CMU’s computer science dean on its poaching problem - doppp
http://techcrunch.com/2016/04/26/it-isnt-just-uber-carnegie-mellons-computer-science-dean-on-its-poaching-problem/
======
imgabe
Academia in general is screwing itself. The main reason for anyone to go into
it is to work on interesting problems in a self-directed fashion with amazing
job security. You probably wouldn't get rich, but you'll have a nice upper-
middle class salary and almost no way of getting fired.

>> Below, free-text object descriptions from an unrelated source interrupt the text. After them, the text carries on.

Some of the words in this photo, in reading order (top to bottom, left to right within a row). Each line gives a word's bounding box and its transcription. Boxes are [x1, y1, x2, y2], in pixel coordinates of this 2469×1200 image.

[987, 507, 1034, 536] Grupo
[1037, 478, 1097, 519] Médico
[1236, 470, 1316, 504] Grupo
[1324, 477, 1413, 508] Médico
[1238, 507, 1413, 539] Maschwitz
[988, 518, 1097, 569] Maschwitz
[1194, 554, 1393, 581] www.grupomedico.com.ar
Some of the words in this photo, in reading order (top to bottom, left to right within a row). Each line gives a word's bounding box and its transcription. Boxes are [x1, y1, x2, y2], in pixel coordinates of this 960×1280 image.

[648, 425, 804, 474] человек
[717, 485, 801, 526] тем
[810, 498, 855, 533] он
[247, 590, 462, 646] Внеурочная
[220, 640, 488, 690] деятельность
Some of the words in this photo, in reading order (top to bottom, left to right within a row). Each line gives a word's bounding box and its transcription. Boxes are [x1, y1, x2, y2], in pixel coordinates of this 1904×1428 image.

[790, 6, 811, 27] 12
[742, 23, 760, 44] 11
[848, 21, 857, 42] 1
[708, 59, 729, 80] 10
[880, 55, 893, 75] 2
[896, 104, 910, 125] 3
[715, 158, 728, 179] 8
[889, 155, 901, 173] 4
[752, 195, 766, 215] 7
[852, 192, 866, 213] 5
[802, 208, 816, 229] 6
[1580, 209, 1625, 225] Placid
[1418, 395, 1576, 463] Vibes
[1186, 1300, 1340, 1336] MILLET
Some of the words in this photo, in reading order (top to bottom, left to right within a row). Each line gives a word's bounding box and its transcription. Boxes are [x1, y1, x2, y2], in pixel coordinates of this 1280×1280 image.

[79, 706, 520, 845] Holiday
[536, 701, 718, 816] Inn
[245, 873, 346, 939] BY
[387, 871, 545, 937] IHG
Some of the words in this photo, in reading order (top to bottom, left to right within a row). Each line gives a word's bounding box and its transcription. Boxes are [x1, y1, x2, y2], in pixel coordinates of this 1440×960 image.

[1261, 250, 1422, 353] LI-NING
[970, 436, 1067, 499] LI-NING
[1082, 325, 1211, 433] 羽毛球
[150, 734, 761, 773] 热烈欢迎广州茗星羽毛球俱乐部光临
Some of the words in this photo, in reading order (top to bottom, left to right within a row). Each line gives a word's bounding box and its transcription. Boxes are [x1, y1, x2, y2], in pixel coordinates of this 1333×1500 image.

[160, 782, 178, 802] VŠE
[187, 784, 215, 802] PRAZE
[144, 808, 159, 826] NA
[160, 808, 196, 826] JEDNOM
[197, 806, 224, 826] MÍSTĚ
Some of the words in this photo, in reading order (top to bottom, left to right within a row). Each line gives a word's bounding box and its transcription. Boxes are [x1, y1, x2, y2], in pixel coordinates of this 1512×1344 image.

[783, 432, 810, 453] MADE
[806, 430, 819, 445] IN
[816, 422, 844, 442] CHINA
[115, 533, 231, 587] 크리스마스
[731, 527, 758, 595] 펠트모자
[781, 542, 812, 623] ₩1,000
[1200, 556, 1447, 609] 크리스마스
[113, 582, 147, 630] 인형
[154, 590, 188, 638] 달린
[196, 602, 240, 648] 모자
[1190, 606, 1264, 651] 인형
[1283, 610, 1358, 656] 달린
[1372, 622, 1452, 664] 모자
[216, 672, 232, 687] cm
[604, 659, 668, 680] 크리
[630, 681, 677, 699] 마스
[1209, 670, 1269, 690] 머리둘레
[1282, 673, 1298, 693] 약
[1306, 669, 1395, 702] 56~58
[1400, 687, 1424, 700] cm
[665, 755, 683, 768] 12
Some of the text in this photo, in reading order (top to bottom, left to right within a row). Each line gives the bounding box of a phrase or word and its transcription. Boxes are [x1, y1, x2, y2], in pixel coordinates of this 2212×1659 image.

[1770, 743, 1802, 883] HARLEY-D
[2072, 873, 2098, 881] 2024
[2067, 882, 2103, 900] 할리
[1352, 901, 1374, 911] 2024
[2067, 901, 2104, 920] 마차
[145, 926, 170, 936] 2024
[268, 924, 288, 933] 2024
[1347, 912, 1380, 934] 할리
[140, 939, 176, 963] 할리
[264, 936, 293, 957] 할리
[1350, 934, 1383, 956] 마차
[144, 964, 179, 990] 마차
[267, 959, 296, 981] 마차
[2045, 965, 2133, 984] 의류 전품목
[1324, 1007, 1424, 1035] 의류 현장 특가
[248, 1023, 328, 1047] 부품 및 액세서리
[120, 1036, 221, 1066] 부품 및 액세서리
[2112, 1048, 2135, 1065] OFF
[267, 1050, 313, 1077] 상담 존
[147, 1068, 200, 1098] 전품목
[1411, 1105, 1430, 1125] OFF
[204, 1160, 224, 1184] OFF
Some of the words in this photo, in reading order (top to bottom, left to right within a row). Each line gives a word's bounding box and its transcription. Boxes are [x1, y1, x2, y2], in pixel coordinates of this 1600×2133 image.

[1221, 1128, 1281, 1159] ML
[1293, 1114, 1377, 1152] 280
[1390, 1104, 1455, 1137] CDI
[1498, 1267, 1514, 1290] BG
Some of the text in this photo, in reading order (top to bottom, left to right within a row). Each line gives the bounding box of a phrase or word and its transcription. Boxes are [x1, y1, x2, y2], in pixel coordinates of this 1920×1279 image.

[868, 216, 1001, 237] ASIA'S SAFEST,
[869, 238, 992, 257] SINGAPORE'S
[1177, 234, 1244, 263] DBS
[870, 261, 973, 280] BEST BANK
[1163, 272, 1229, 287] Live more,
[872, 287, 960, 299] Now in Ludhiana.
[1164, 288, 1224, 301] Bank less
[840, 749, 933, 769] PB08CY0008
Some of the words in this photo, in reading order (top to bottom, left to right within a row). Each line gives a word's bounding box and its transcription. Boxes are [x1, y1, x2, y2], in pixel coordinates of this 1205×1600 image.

Now the available tenure-track positions are declining every year in favor of
adjunct quasi-slave labor. Even if you do win the lottery and get a tenure-
track position, from what I understand you'll spend most of your time writing
grant proposals to chase funding, and at least 5-7 years trying to please the
tenure committee.

So, why exactly would anyone spend 10-15 years making a fraction of what they
could in industry for a vanishingly small chance of the eventual payoff of
tenure?

If you're going to slave away for 10-15 years anyway before you get to do what
you want, you may as well do it in industry where you could put away enough
money to be financially independent in that time. The only remaining obstacle
is that you still kind of need an institutional affiliation to be taken
seriously as a researcher and publish, but that might be slowly changing as
the Internet makes it easier to publish.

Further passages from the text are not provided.